Ann Marie Kerwin: Welcome to the WARC Podcast. I'm Ann Marie Kerwin, America's Editor and this is the first in a series we are calling Marketing Truths. Here at WARC, we've been advocates for marketing effectiveness for more than three decades. And what we found, thanks to numerous research studies, is there is a set of principles of marketing effectiveness that have been proven again and again to work.

At the end of last year, a lively discussion popped up on marketing podcast “On Strategy” with Fergus O'Carroll as to whether US marketers understood marketing effectiveness. That was the challenge thrown out by his guest, marketing professor Mark Ritson, who said the US is behind the rest of the world in adopting marketing effectiveness principles.

But what we know about the US, as the world's largest market, is that it boasts plenty of examples of great marketing. But there is indeed a constant push to be better to improve to knock it out of the park.

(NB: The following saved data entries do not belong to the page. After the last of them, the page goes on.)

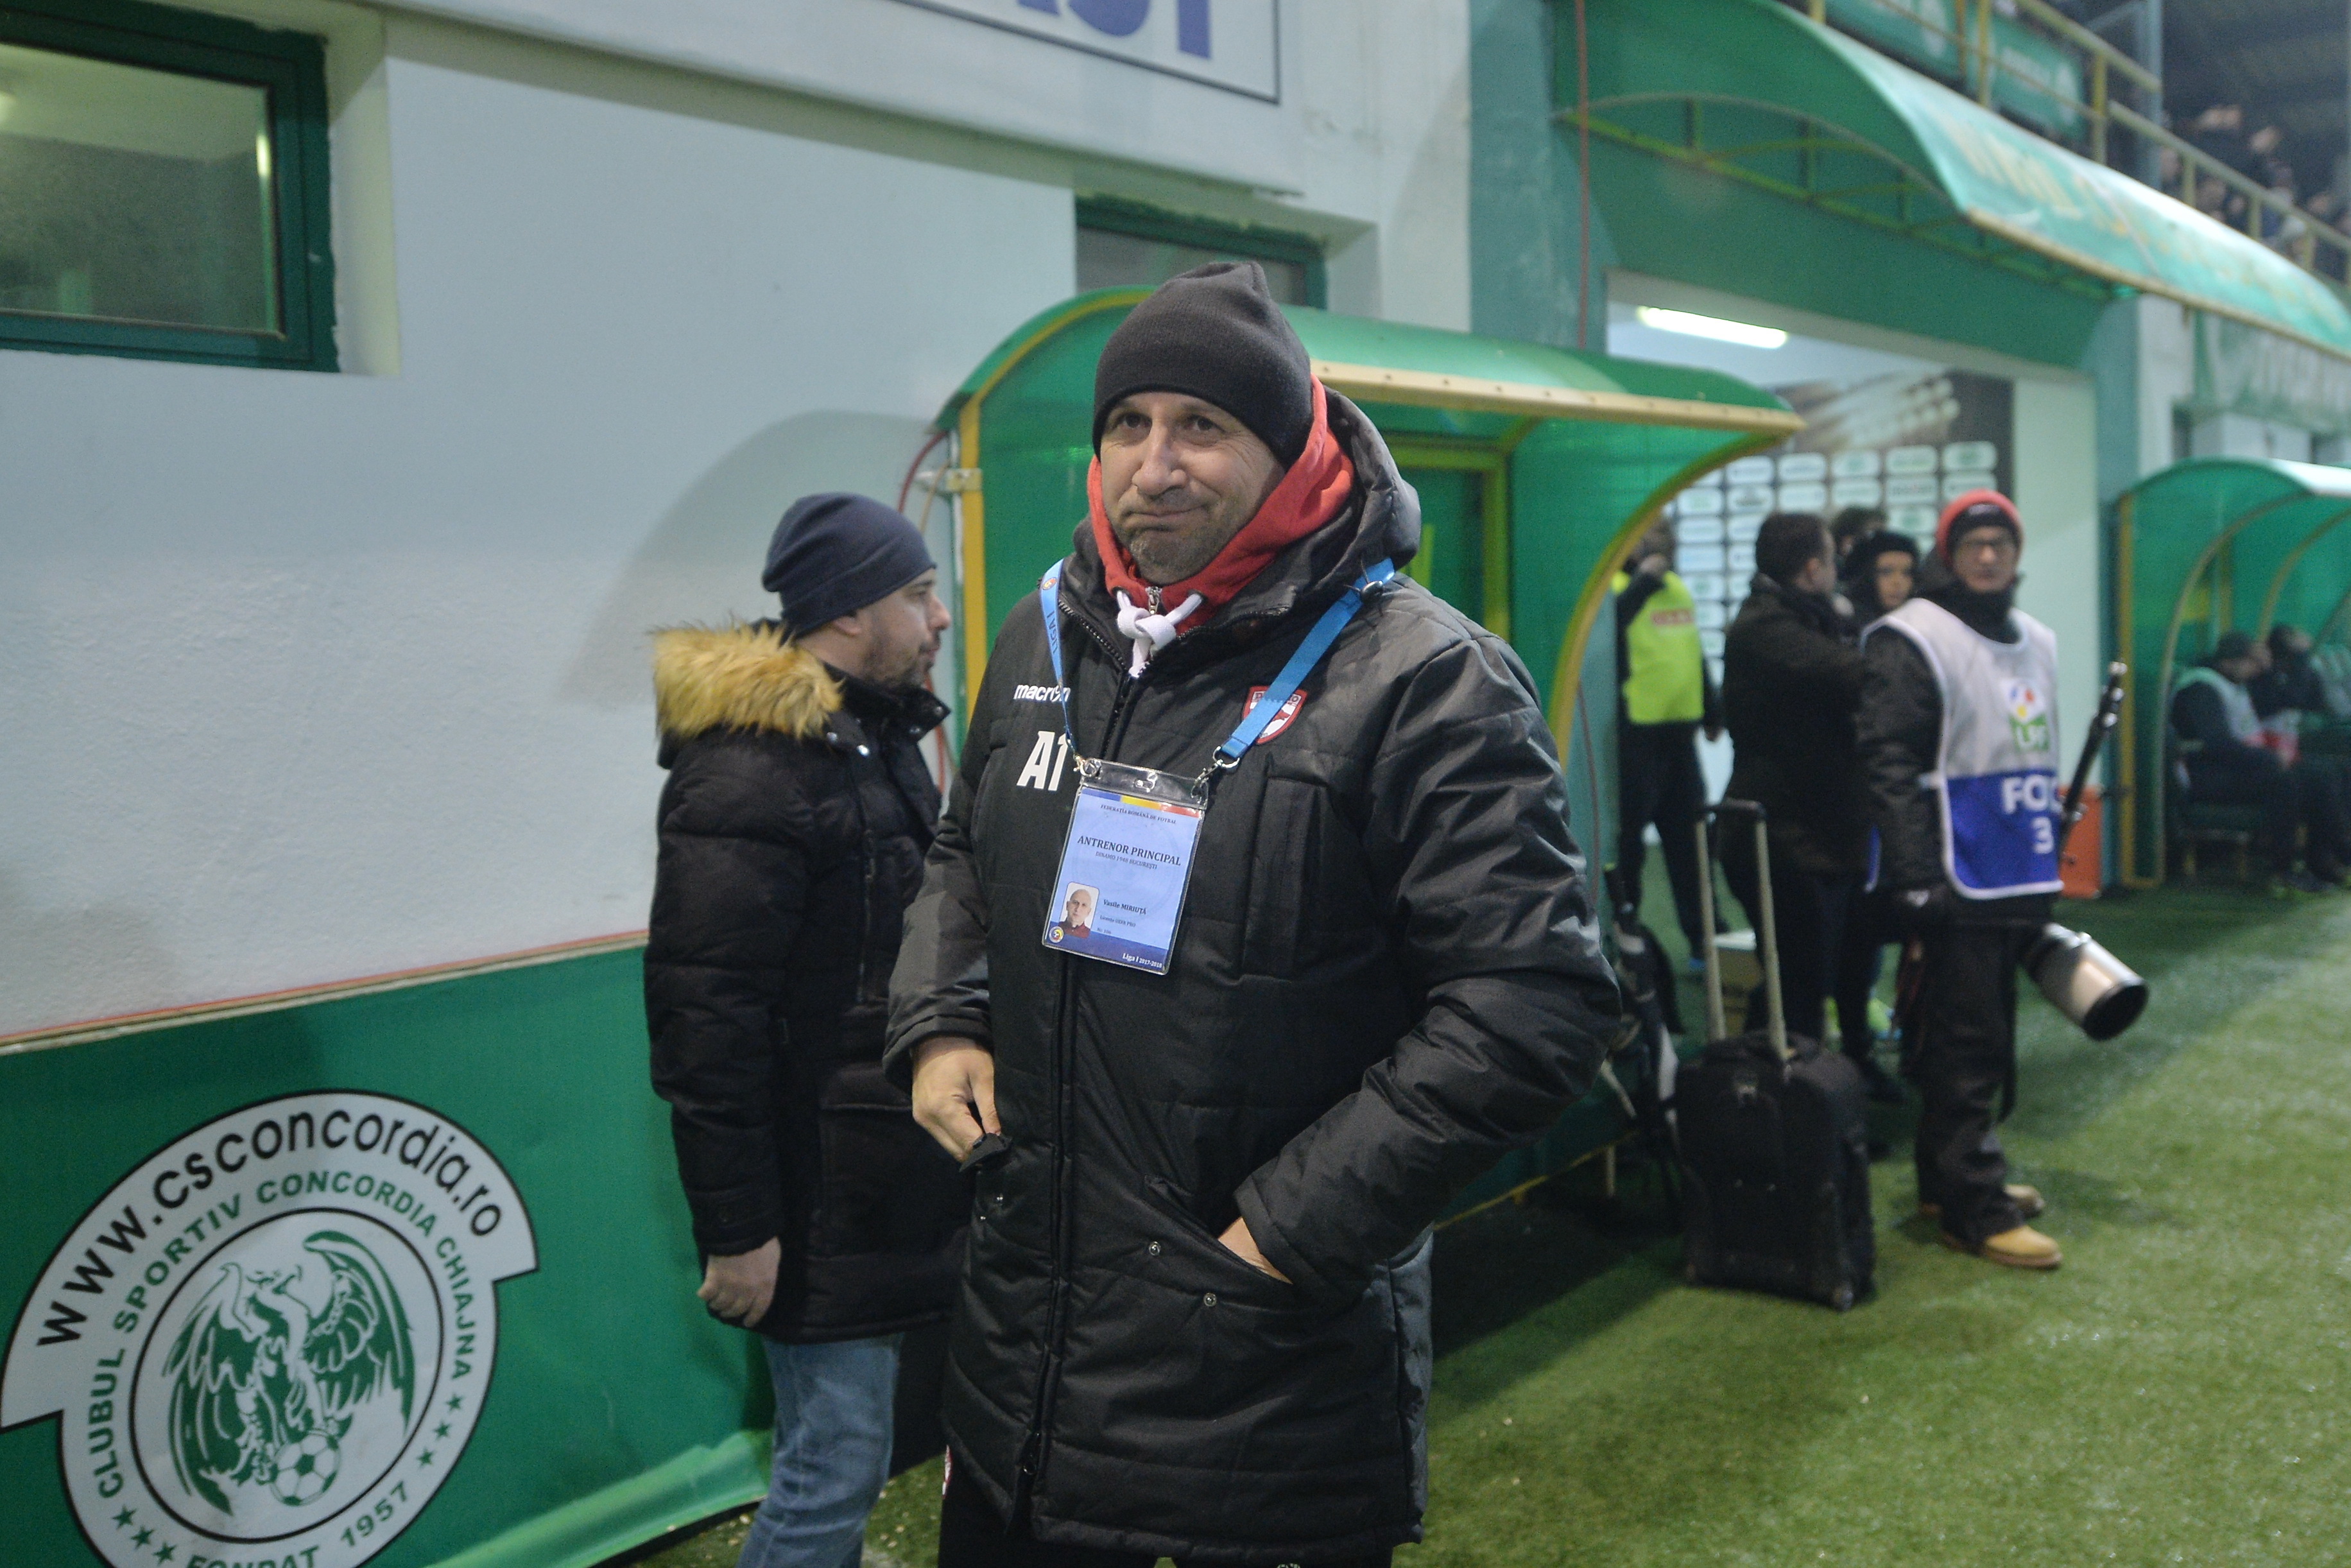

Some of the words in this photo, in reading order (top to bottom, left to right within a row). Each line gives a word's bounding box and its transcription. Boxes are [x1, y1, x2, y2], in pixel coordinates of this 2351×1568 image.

[1017, 730, 1069, 791] A1
[1077, 836, 1129, 854] ANTRENOR
[1130, 846, 1181, 866] PRINCIPAL
[2029, 816, 2054, 854] 3
[1096, 851, 1115, 861] DINAMO
[1103, 899, 1120, 908] Vasile
[1122, 952, 1135, 961] Liga
[1139, 958, 1162, 969] 2017-2018
[37, 1109, 503, 1347] www.csconcordia.ro
[87, 1347, 126, 1498] CLUBUL
[113, 1196, 243, 1335] SPORTIV
[255, 1170, 436, 1237] CONCORDIA
[435, 1236, 476, 1380] CHIAJNA
[340, 1481, 409, 1547] 1957

So we want to highlight the marketing work that demonstrates that understanding of what makes great effective marketing and the success that can be achieved when these principles are followed.

So over the next few podcasts in this monthly series, we'll be discussing how US marketers are demonstrating their understanding of marketing effectiveness, and explore how they are employing those techniques today.

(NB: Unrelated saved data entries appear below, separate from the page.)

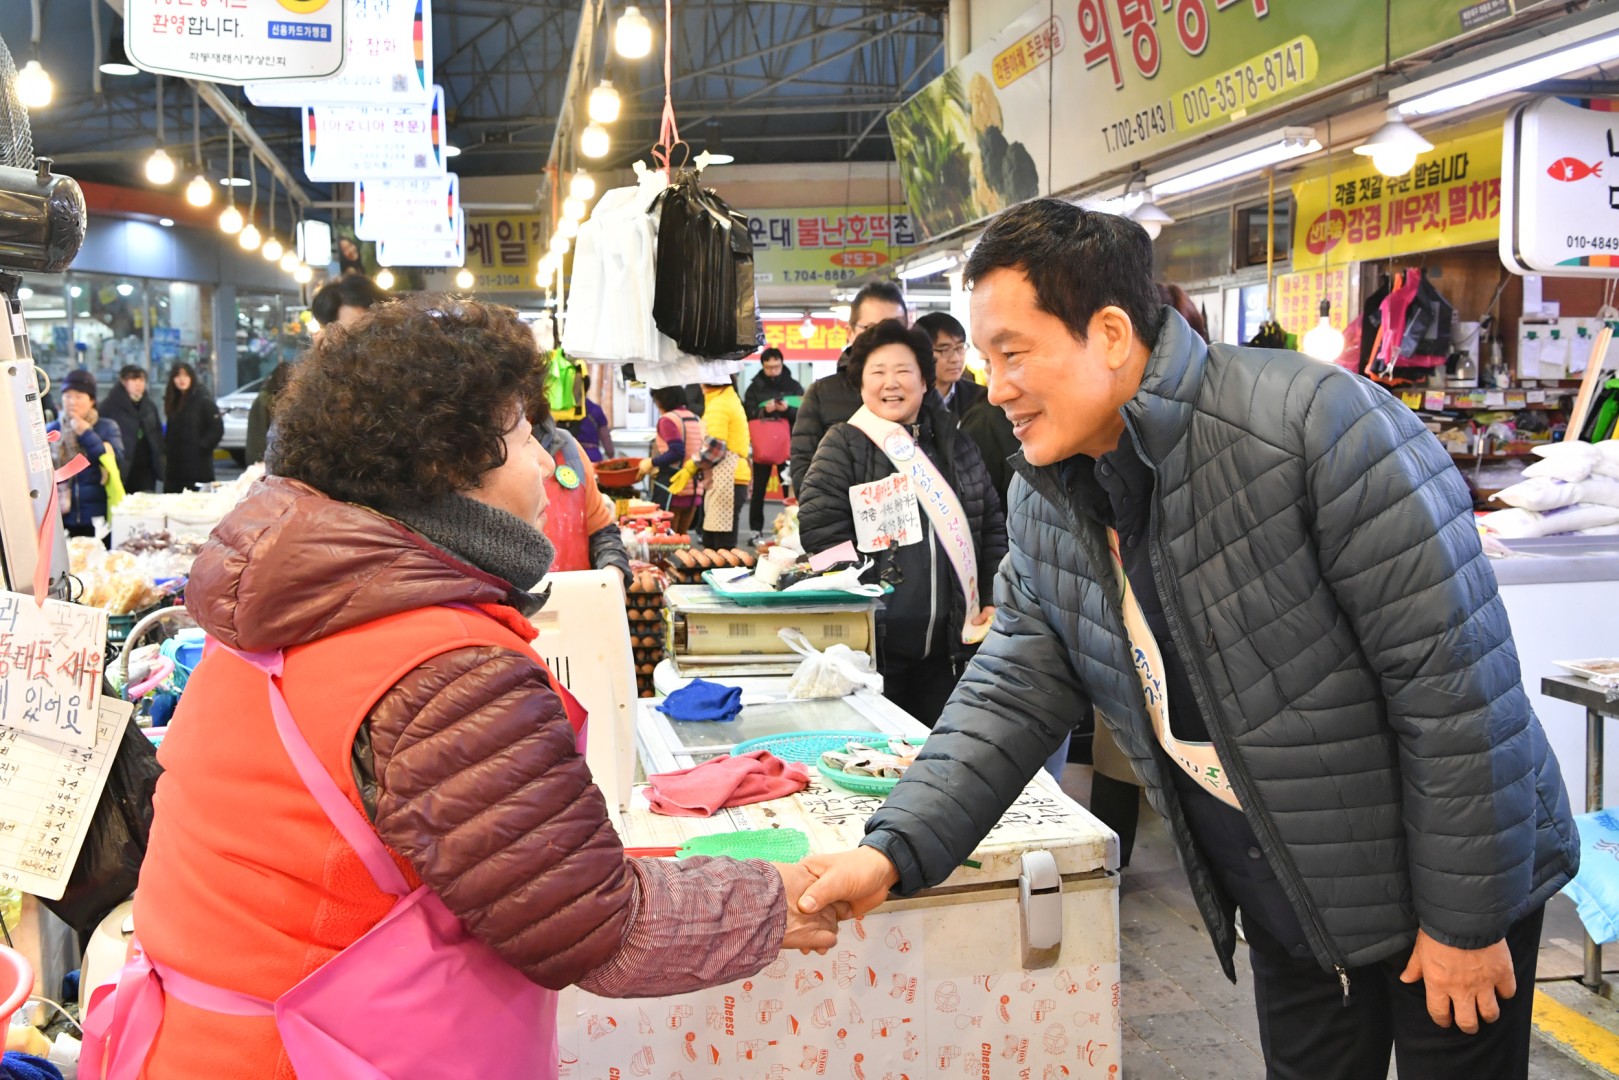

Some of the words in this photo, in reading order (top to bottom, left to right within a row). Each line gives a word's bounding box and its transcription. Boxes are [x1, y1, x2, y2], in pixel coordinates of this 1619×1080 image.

[153, 14, 245, 38] 환영합니다.
[271, 23, 329, 39] 신용카드가맹점
[1101, 104, 1167, 154] T.702-8743
[1182, 41, 1309, 125] 010-3578-8747
[322, 120, 385, 133] (아로니아
[393, 120, 427, 133] 전문)
[1335, 180, 1357, 207] 각종
[1359, 175, 1384, 202] 젓갈
[1414, 152, 1470, 190] 받습니다
[748, 217, 792, 247] 운대
[797, 214, 917, 247] 불난호떡집
[1347, 203, 1382, 244] 강경
[860, 507, 877, 523] 각종
[51, 603, 99, 649] 꽃게
[57, 648, 102, 710] 새우
[23, 687, 81, 734] 있어요
[907, 978, 917, 1003] ONION
[724, 995, 736, 1036] Cheese
[817, 1050, 828, 1075] ONION
[981, 1042, 992, 1080] Cheese
[1018, 1039, 1029, 1064] ONION
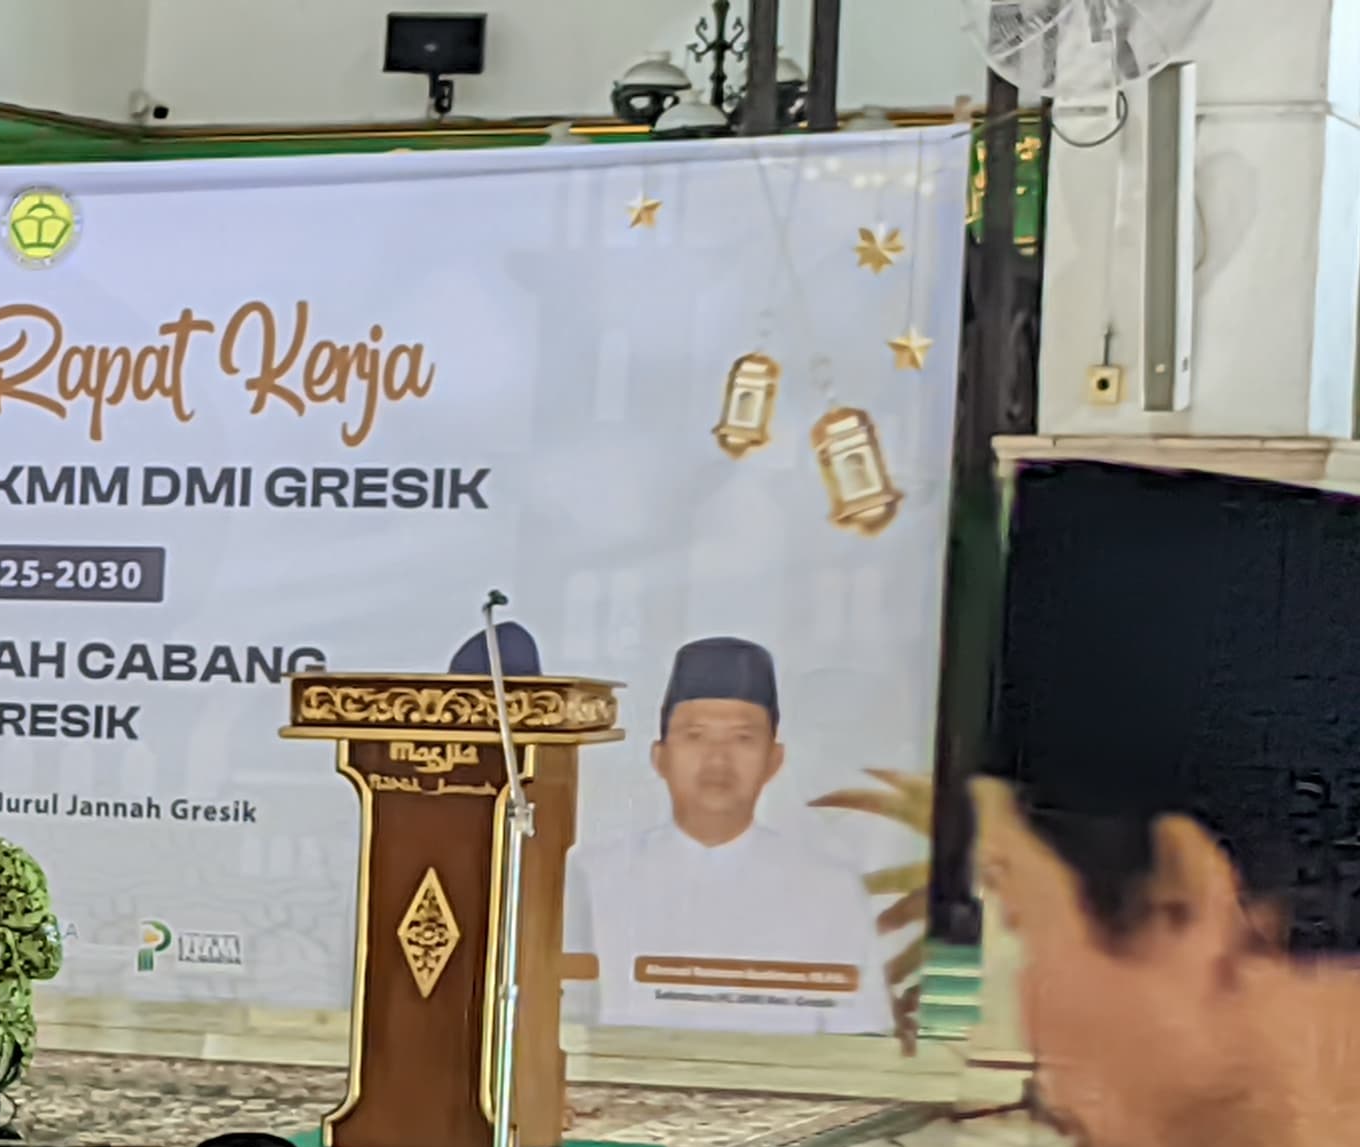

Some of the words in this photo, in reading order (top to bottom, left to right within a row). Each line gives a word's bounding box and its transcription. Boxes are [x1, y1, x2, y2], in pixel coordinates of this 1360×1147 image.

[219, 300, 435, 448] Kerja
[141, 466, 253, 508] DMI
[264, 466, 491, 510] GRESIK
[77, 642, 327, 684] CABANG
[65, 794, 161, 820] Jannah
[170, 798, 257, 823] Gresik

Our first marketing truth is "Effectiveness is just as important as efficiency." And joining me today to help explain this truth is Mike Menkes, Senior VP of Analytic Partners, who is headquartered here in the US.

Analytic Partners is a recognized leader in marketing, measurement and optimization. Its commercial analytics solution is delivered through its GPS enterprise technology platform for deeper business understanding and right-time planning for marketing and beyond. Mike and his team have experience across industry verticals here in the US, as well as in over 50 countries across the globe. He's analyzed hundreds of millions of advertising spending. Analytic Partners is constantly recognized as marketing effectiveness experts and has won several industry awards, together with their clients such as Kroger, McDonald's, and Hilton. Welcome, Mike, thank you so much for joining me today.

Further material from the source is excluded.